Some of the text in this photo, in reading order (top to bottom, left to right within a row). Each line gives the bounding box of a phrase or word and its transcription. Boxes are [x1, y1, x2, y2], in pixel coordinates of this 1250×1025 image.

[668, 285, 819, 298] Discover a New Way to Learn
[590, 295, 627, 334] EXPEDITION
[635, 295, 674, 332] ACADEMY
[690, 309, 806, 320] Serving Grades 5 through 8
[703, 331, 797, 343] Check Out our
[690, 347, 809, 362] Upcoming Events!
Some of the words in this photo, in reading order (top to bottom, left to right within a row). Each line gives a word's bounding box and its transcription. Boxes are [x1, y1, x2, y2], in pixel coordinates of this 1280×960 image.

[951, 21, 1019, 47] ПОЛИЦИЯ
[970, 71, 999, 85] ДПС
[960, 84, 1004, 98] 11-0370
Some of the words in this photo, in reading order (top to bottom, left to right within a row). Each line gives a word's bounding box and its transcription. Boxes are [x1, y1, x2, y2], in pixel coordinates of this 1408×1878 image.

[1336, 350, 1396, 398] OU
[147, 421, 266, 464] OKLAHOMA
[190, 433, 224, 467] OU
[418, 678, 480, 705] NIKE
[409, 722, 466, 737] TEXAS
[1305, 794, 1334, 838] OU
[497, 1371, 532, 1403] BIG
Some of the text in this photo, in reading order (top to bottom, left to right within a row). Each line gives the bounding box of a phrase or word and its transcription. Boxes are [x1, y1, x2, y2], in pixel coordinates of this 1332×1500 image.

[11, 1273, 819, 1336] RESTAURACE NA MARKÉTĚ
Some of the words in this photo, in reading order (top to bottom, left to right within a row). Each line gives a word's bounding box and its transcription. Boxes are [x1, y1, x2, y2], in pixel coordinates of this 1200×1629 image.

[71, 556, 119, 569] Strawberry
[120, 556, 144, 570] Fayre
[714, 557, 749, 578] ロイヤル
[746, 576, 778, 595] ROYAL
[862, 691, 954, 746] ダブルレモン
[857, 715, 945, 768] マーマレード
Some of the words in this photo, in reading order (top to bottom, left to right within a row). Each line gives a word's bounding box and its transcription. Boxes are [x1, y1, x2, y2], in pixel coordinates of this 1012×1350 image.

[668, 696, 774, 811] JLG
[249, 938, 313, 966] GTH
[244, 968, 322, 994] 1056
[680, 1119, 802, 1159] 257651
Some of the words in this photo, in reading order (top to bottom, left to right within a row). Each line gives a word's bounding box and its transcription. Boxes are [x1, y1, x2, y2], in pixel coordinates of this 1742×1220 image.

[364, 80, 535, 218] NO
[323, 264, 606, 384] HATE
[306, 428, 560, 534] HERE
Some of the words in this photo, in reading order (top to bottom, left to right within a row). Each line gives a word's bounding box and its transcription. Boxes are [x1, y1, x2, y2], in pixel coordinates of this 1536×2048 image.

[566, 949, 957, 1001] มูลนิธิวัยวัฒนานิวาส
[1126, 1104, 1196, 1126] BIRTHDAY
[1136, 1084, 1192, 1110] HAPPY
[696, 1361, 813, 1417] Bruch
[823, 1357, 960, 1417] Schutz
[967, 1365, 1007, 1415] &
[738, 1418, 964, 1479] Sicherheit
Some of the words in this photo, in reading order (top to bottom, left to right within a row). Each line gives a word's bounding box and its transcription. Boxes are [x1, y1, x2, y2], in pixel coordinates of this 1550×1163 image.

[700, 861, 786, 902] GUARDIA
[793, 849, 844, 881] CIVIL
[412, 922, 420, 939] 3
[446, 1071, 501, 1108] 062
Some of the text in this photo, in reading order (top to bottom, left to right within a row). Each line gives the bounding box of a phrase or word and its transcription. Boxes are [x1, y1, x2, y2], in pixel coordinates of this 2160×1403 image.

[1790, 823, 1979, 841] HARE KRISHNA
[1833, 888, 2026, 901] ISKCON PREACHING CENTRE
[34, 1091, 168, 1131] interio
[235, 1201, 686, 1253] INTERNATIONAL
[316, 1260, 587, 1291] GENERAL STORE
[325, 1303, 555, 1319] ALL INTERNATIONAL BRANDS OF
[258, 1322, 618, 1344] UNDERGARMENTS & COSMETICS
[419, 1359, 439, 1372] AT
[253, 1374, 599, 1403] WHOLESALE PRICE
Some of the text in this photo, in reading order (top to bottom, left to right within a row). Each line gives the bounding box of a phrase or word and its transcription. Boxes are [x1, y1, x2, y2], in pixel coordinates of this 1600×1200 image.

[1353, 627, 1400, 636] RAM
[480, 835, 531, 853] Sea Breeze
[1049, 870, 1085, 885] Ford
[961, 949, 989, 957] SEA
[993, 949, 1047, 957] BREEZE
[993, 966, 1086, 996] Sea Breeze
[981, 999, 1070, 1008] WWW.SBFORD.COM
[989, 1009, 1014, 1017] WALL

____

• WHAT TO DO:
From the first line to the last, return the data above exactly.

• EXPECTED OUTPUT:
Some of the text in this photo, in reading order (top to bottom, left to right within a row). Each line gives the bounding box of a phrase or word and its transcription. Boxes are [x1, y1, x2, y2], in pixel coordinates of this 1250×1025 image.

[668, 285, 819, 298] Discover a New Way to Learn
[590, 295, 627, 334] EXPEDITION
[635, 295, 674, 332] ACADEMY
[690, 309, 806, 320] Serving Grades 5 through 8
[703, 331, 797, 343] Check Out our
[690, 347, 809, 362] Upcoming Events!
Some of the words in this photo, in reading order (top to bottom, left to right within a row). Each line gives a word's bounding box and its transcription. Boxes are [x1, y1, x2, y2], in pixel coordinates of this 1280×960 image.

[951, 21, 1019, 47] ПОЛИЦИЯ
[970, 71, 999, 85] ДПС
[960, 84, 1004, 98] 11-0370
Some of the words in this photo, in reading order (top to bottom, left to right within a row). Each line gives a word's bounding box and its transcription. Boxes are [x1, y1, x2, y2], in pixel coordinates of this 1408×1878 image.

[1336, 350, 1396, 398] OU
[147, 421, 266, 464] OKLAHOMA
[190, 433, 224, 467] OU
[418, 678, 480, 705] NIKE
[409, 722, 466, 737] TEXAS
[1305, 794, 1334, 838] OU
[497, 1371, 532, 1403] BIG
Some of the text in this photo, in reading order (top to bottom, left to right within a row). Each line gives the bounding box of a phrase or word and its transcription. Boxes are [x1, y1, x2, y2], in pixel coordinates of this 1332×1500 image.

[11, 1273, 819, 1336] RESTAURACE NA MARKÉTĚ
Some of the words in this photo, in reading order (top to bottom, left to right within a row). Each line gives a word's bounding box and its transcription. Boxes are [x1, y1, x2, y2], in pixel coordinates of this 1200×1629 image.

[71, 556, 119, 569] Strawberry
[120, 556, 144, 570] Fayre
[714, 557, 749, 578] ロイヤル
[746, 576, 778, 595] ROYAL
[862, 691, 954, 746] ダブルレモン
[857, 715, 945, 768] マーマレード
Some of the words in this photo, in reading order (top to bottom, left to right within a row). Each line gives a word's bounding box and its transcription. Boxes are [x1, y1, x2, y2], in pixel coordinates of this 1012×1350 image.

[668, 696, 774, 811] JLG
[249, 938, 313, 966] GTH
[244, 968, 322, 994] 1056
[680, 1119, 802, 1159] 257651
Some of the words in this photo, in reading order (top to bottom, left to right within a row). Each line gives a word's bounding box and its transcription. Boxes are [x1, y1, x2, y2], in pixel coordinates of this 1742×1220 image.

[364, 80, 535, 218] NO
[323, 264, 606, 384] HATE
[306, 428, 560, 534] HERE
Some of the words in this photo, in reading order (top to bottom, left to right within a row). Each line gives a word's bounding box and its transcription. Boxes are [x1, y1, x2, y2], in pixel coordinates of this 1536×2048 image.

[566, 949, 957, 1001] มูลนิธิวัยวัฒนานิวาส
[1126, 1104, 1196, 1126] BIRTHDAY
[1136, 1084, 1192, 1110] HAPPY
[696, 1361, 813, 1417] Bruch
[823, 1357, 960, 1417] Schutz
[967, 1365, 1007, 1415] &
[738, 1418, 964, 1479] Sicherheit
Some of the words in this photo, in reading order (top to bottom, left to right within a row). Each line gives a word's bounding box and its transcription. Boxes are [x1, y1, x2, y2], in pixel coordinates of this 1550×1163 image.

[700, 861, 786, 902] GUARDIA
[793, 849, 844, 881] CIVIL
[412, 922, 420, 939] 3
[446, 1071, 501, 1108] 062
Some of the text in this photo, in reading order (top to bottom, left to right within a row). Each line gives the bounding box of a phrase or word and its transcription. Boxes are [x1, y1, x2, y2], in pixel coordinates of this 2160×1403 image.

[1790, 823, 1979, 841] HARE KRISHNA
[1833, 888, 2026, 901] ISKCON PREACHING CENTRE
[34, 1091, 168, 1131] interio
[235, 1201, 686, 1253] INTERNATIONAL
[316, 1260, 587, 1291] GENERAL STORE
[325, 1303, 555, 1319] ALL INTERNATIONAL BRANDS OF
[258, 1322, 618, 1344] UNDERGARMENTS & COSMETICS
[419, 1359, 439, 1372] AT
[253, 1374, 599, 1403] WHOLESALE PRICE
Some of the text in this photo, in reading order (top to bottom, left to right within a row). Each line gives the bounding box of a phrase or word and its transcription. Boxes are [x1, y1, x2, y2], in pixel coordinates of this 1600×1200 image.

[1353, 627, 1400, 636] RAM
[480, 835, 531, 853] Sea Breeze
[1049, 870, 1085, 885] Ford
[961, 949, 989, 957] SEA
[993, 949, 1047, 957] BREEZE
[993, 966, 1086, 996] Sea Breeze
[981, 999, 1070, 1008] WWW.SBFORD.COM
[989, 1009, 1014, 1017] WALL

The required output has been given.